*** Exercise materials Section Begins ***

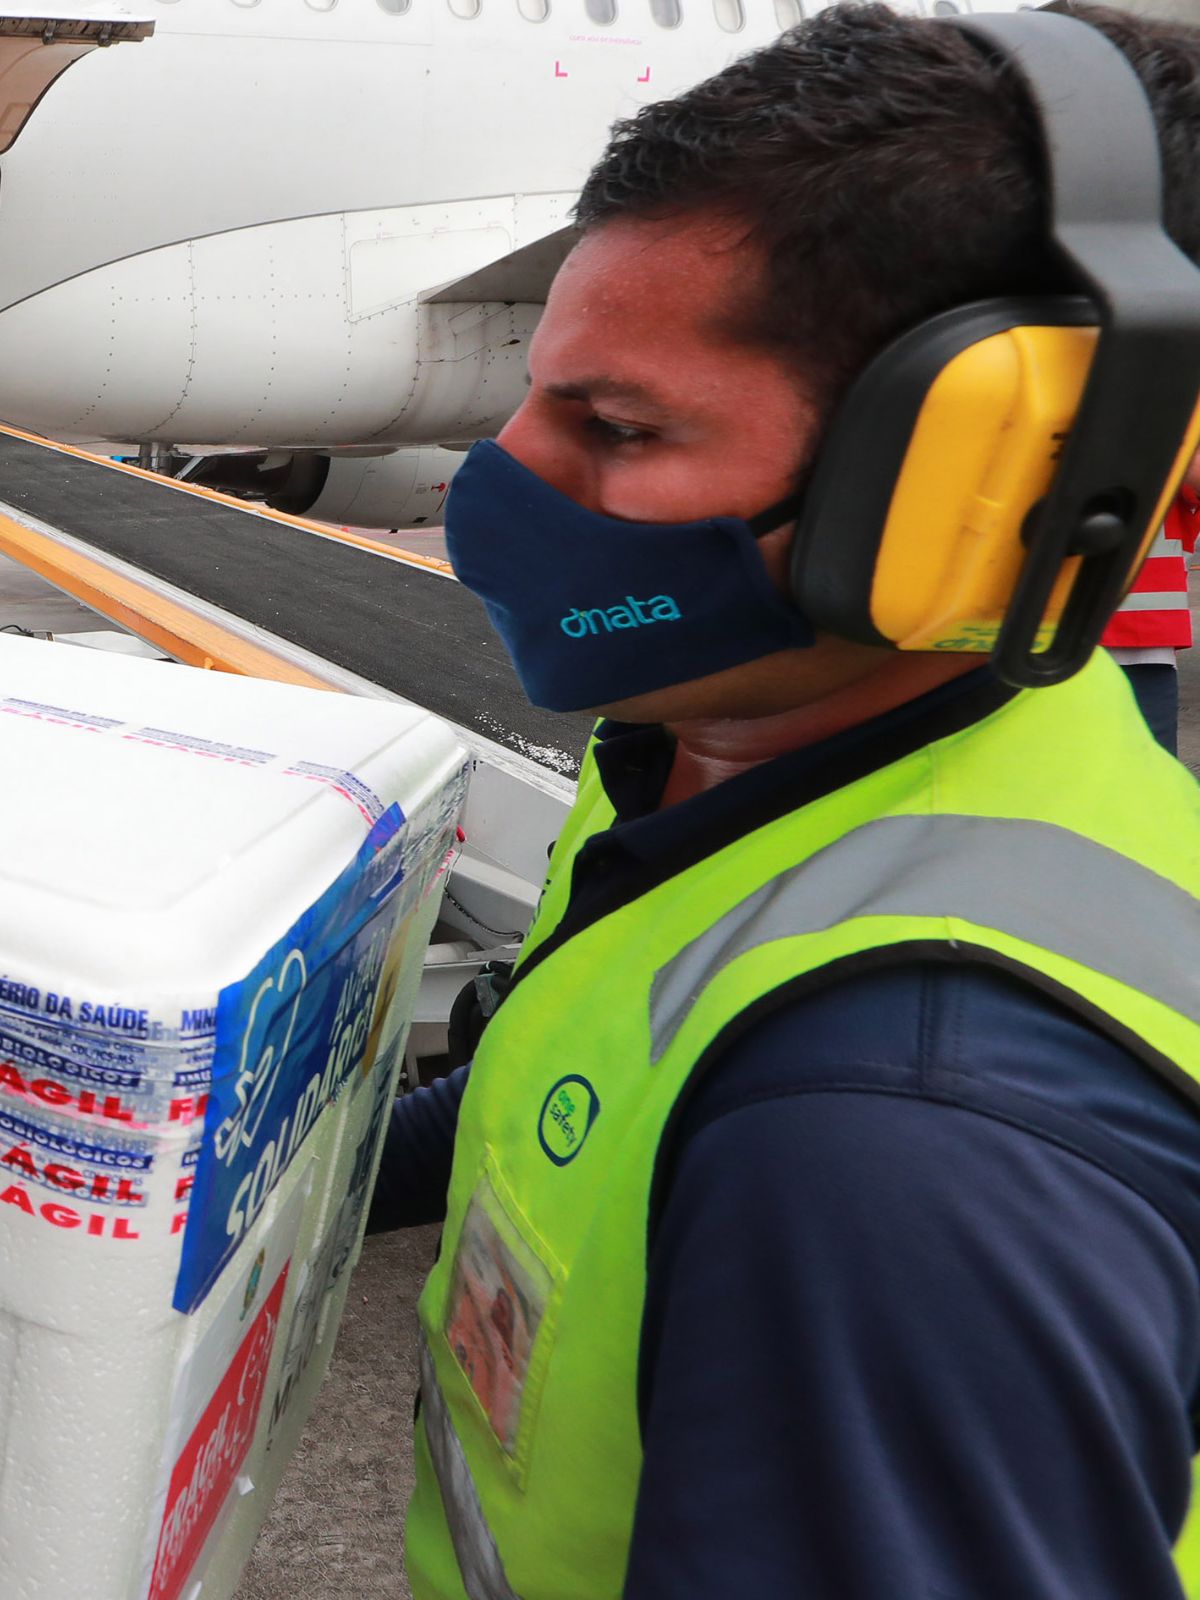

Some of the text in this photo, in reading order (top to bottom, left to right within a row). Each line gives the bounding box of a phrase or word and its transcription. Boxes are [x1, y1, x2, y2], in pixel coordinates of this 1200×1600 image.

[560, 595, 683, 638] dnata
[45, 991, 73, 1020] DA
[79, 1002, 149, 1036] SAÚDE
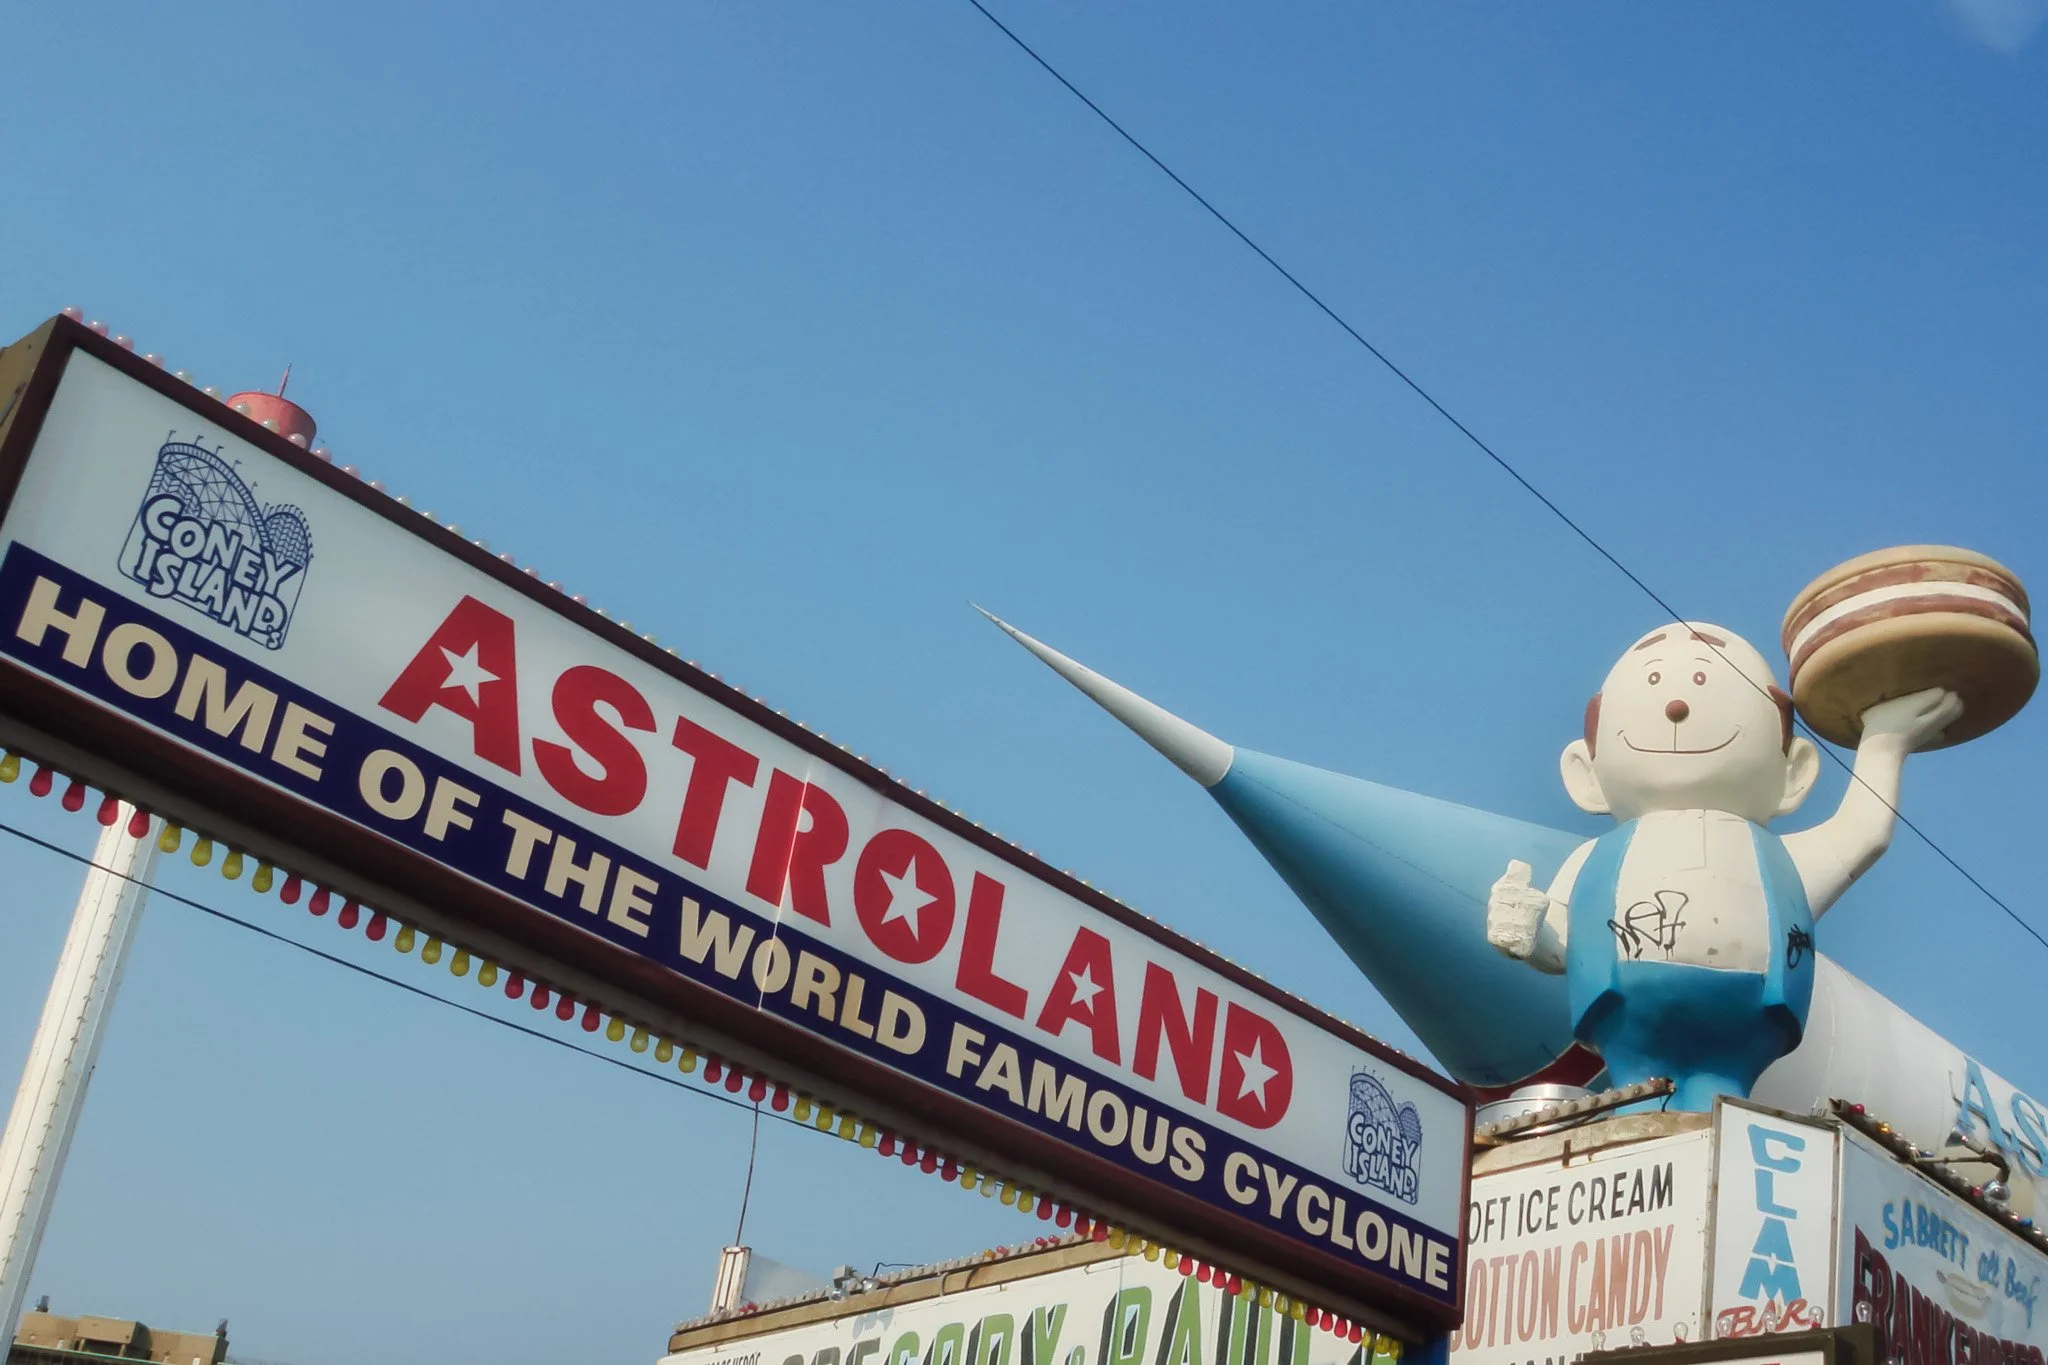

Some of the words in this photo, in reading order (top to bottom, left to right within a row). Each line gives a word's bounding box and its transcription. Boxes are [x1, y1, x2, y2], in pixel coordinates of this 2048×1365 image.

[141, 494, 303, 598] CONEY
[377, 594, 1293, 1130] ASTROLAND
[15, 576, 335, 782] HOME
[358, 749, 481, 841] OF
[502, 809, 659, 938] THE
[680, 896, 926, 1055] WORLD
[946, 1022, 1206, 1182] FAMOUS
[1223, 1152, 1450, 1291] CYCLONE
[1349, 1111, 1420, 1169] CONEY
[1517, 1185, 1561, 1237] ICE
[1568, 1162, 1673, 1225] CREAM
[1738, 1124, 1805, 1306] CLAM
[1881, 1199, 1970, 1271] SABRETT
[1450, 1246, 1562, 1353] OTTON
[1567, 1224, 1674, 1335] CANDY
[1717, 1298, 1815, 1338] BAR

*** Exercise materials Section Ends ***

▶ Task description
Set every entry down again exactly as written, and omit the images.

▶ Response
Some of the text in this photo, in reading order (top to bottom, left to right within a row). Each line gives the bounding box of a phrase or word and its transcription. Boxes are [x1, y1, x2, y2], in pixel coordinates of this 1200×1600 image.

[560, 595, 683, 638] dnata
[45, 991, 73, 1020] DA
[79, 1002, 149, 1036] SAÚDE

Some of the words in this photo, in reading order (top to bottom, left to right within a row). Each line gives a word's bounding box and its transcription. Boxes are [x1, y1, x2, y2], in pixel coordinates of this 2048×1365 image.

[141, 494, 303, 598] CONEY
[377, 594, 1293, 1130] ASTROLAND
[15, 576, 335, 782] HOME
[358, 749, 481, 841] OF
[502, 809, 659, 938] THE
[680, 896, 926, 1055] WORLD
[946, 1022, 1206, 1182] FAMOUS
[1223, 1152, 1450, 1291] CYCLONE
[1349, 1111, 1420, 1169] CONEY
[1517, 1185, 1561, 1237] ICE
[1568, 1162, 1673, 1225] CREAM
[1738, 1124, 1805, 1306] CLAM
[1881, 1199, 1970, 1271] SABRETT
[1450, 1246, 1562, 1353] OTTON
[1567, 1224, 1674, 1335] CANDY
[1717, 1298, 1815, 1338] BAR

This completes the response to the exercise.